### Task objective
No pictures should be carried over. Output all other parts of the entries verbatim.

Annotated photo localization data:
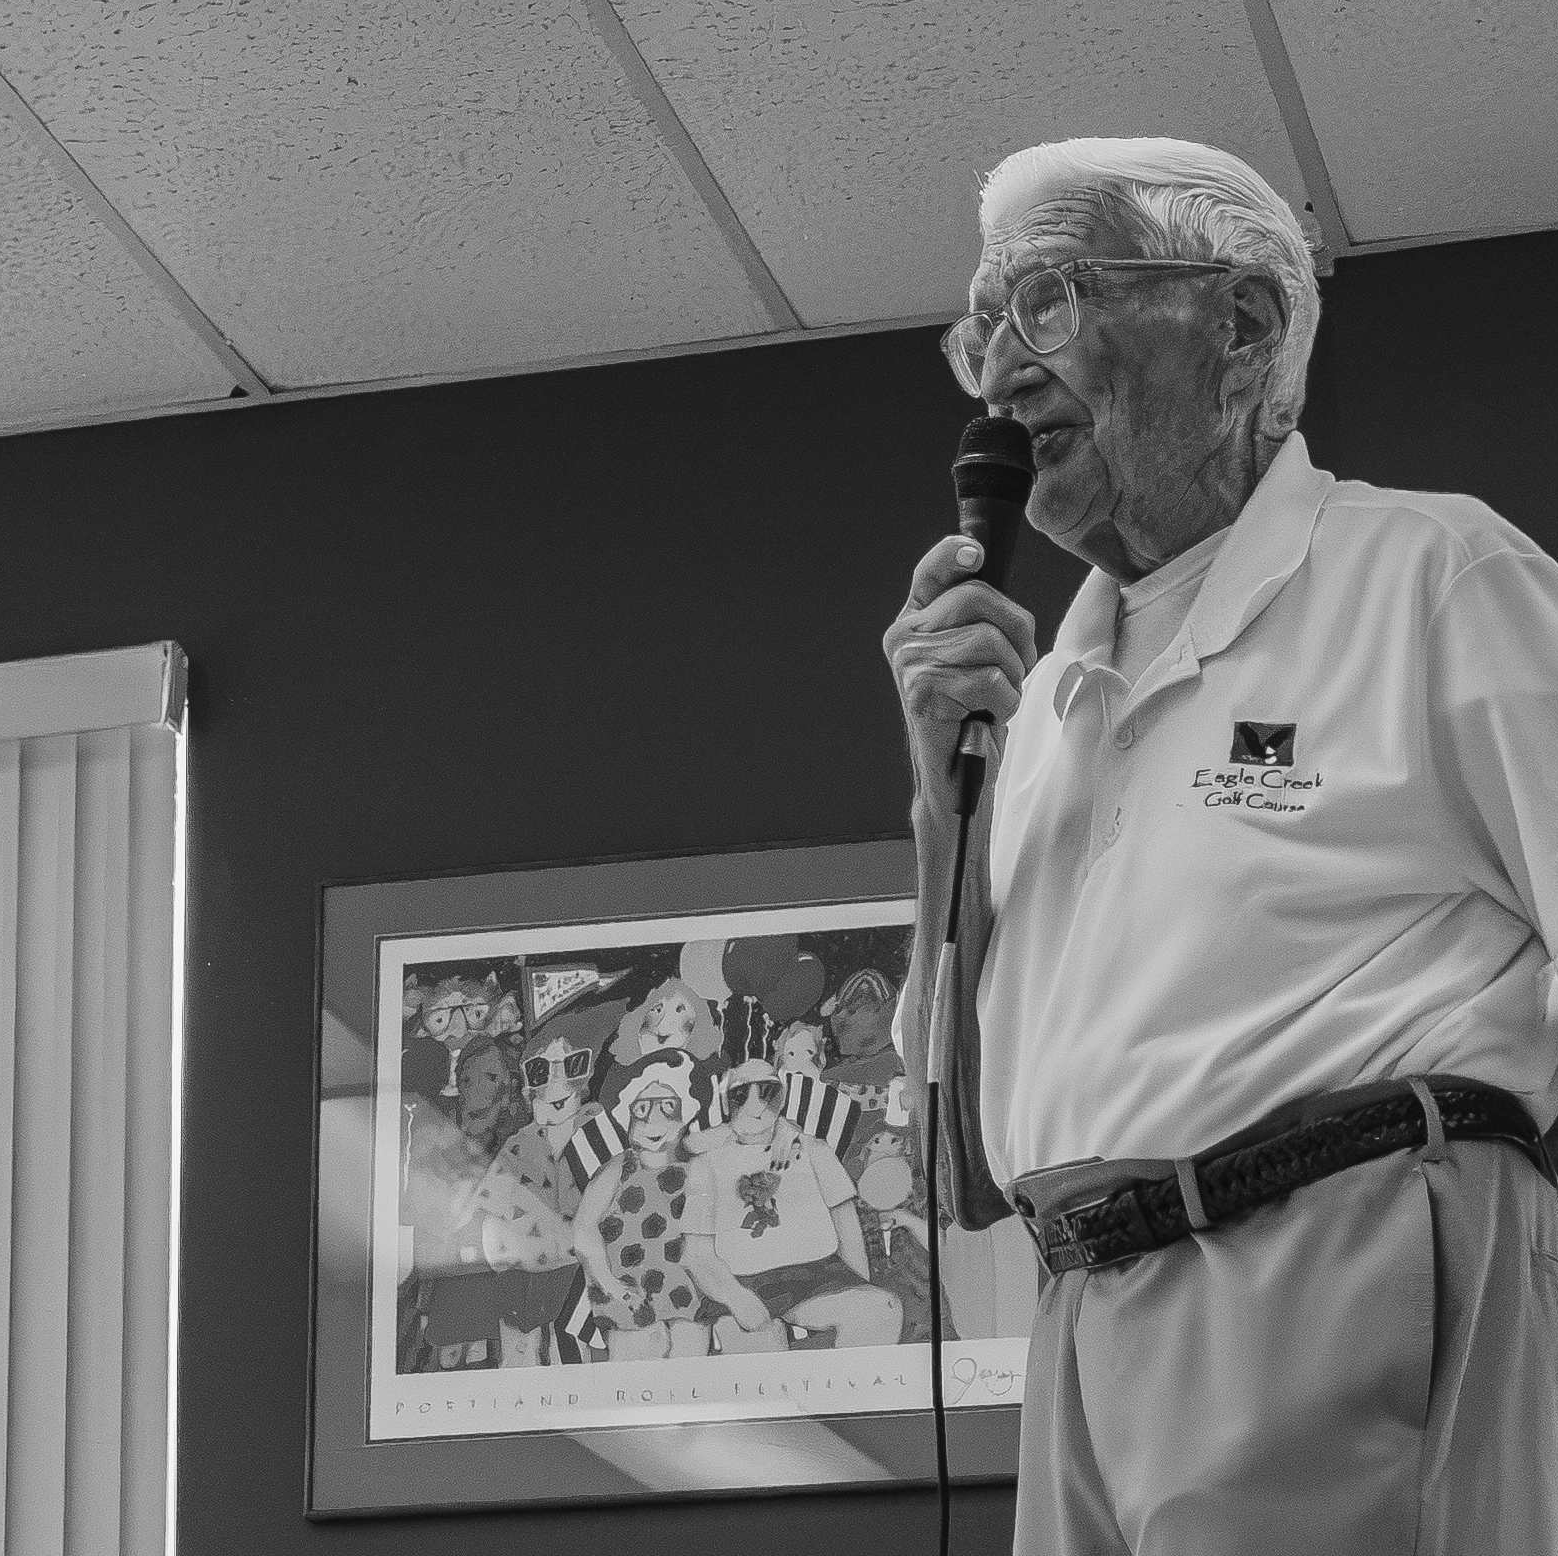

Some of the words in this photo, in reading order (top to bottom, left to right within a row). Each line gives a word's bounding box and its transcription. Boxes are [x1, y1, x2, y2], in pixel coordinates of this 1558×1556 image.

[1191, 767, 1255, 789] Eagle
[1261, 769, 1324, 790] Creek
[1204, 790, 1243, 807] Golf
[1246, 792, 1305, 812] Course
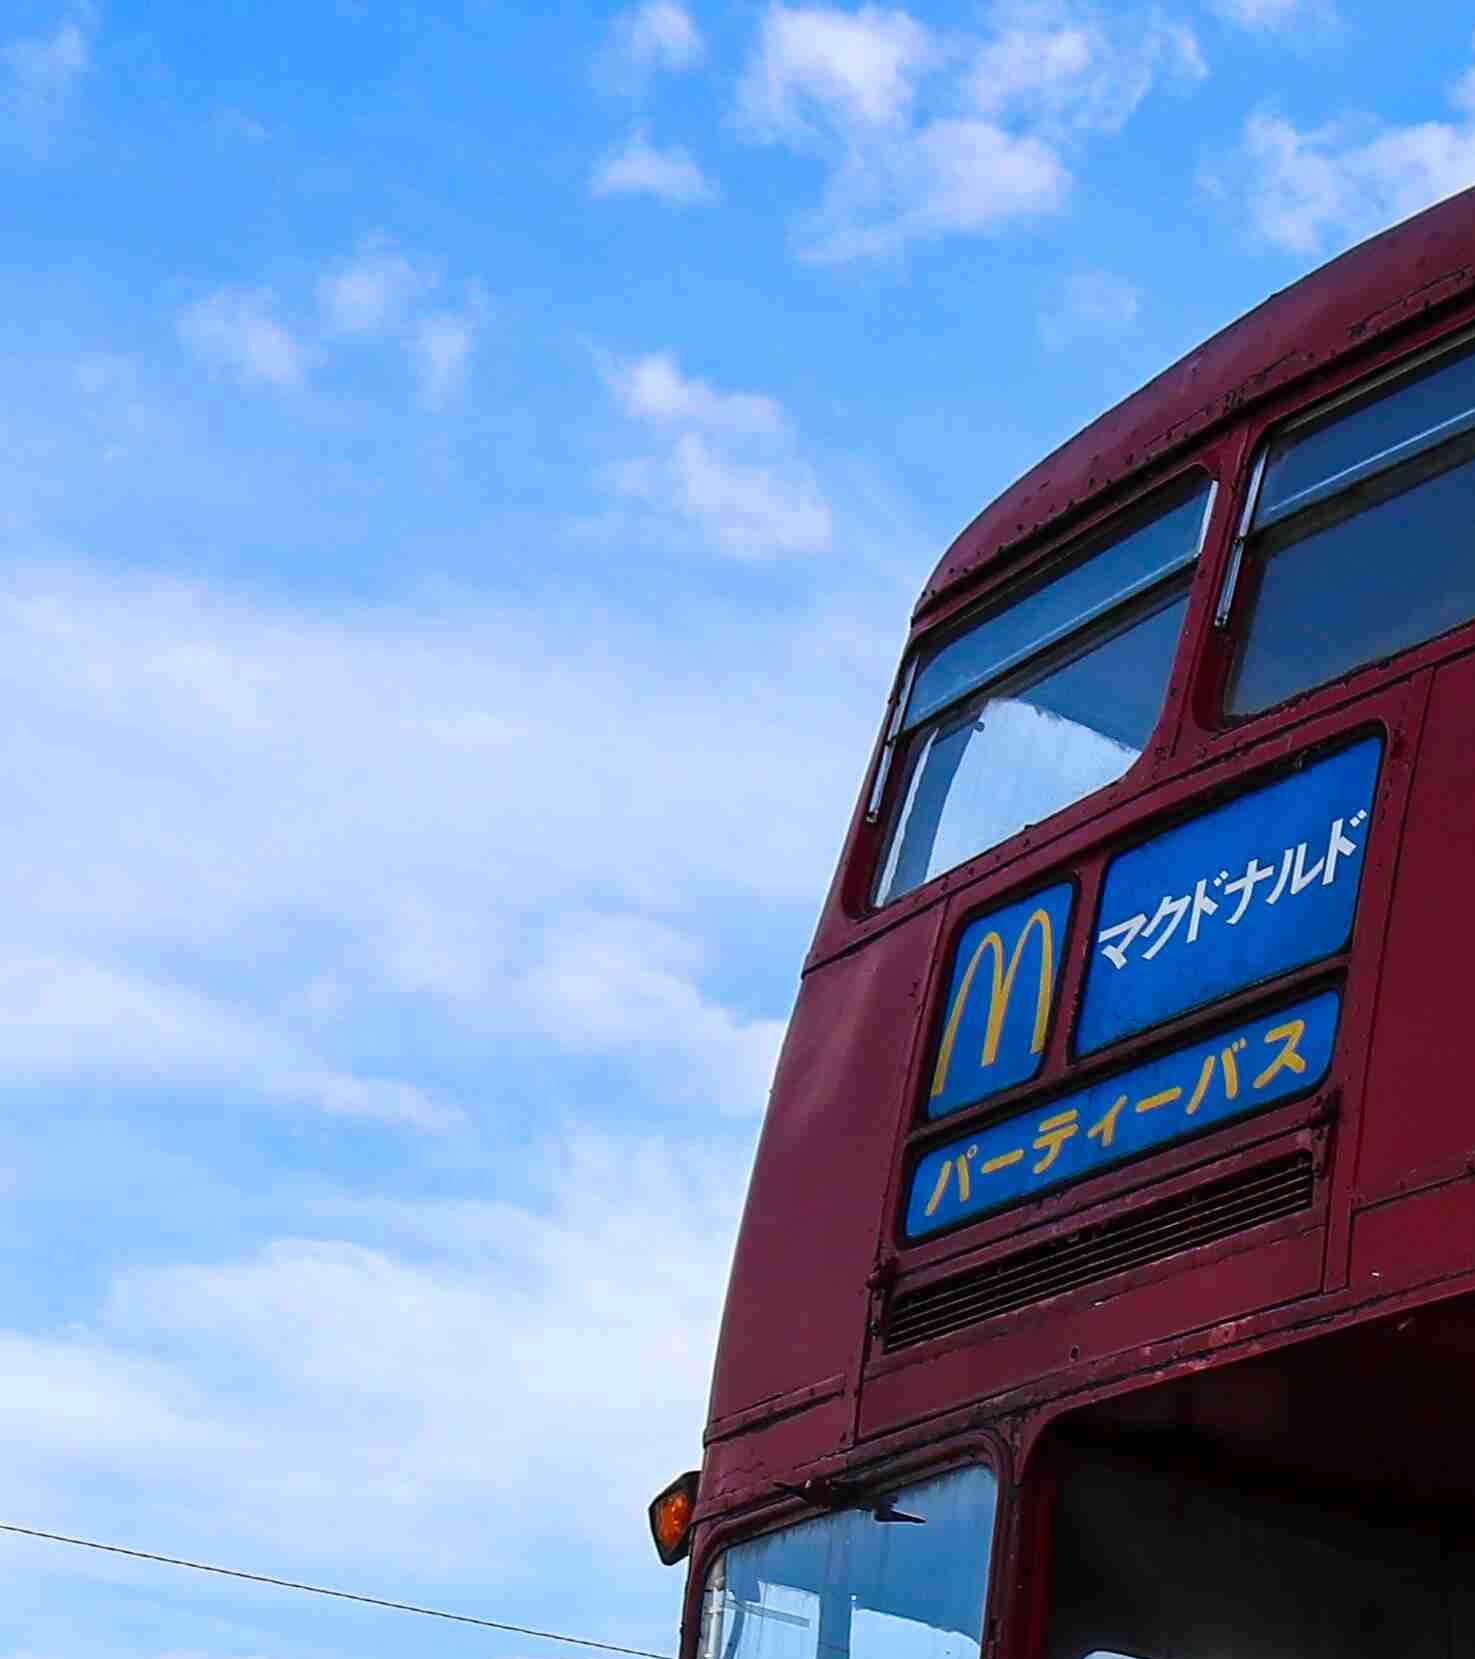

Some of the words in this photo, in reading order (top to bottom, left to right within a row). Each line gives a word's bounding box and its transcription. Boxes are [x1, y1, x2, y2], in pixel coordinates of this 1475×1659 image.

### Your response
Some of the words in this photo, in reading order (top to bottom, left to right within a row). Each line gives a word's bounding box and its transcription. Boxes are [x1, y1, x2, y2], in pixel coordinates of this 1558×1556 image.

[1191, 767, 1255, 789] Eagle
[1261, 769, 1324, 790] Creek
[1204, 790, 1243, 807] Golf
[1246, 792, 1305, 812] Course

Some of the words in this photo, in reading order (top to bottom, left to right within a row). Each line gives a word's bounding box and its transcription. Boxes are [x1, y1, x2, y2], in pixel coordinates of this 1475×1659 image.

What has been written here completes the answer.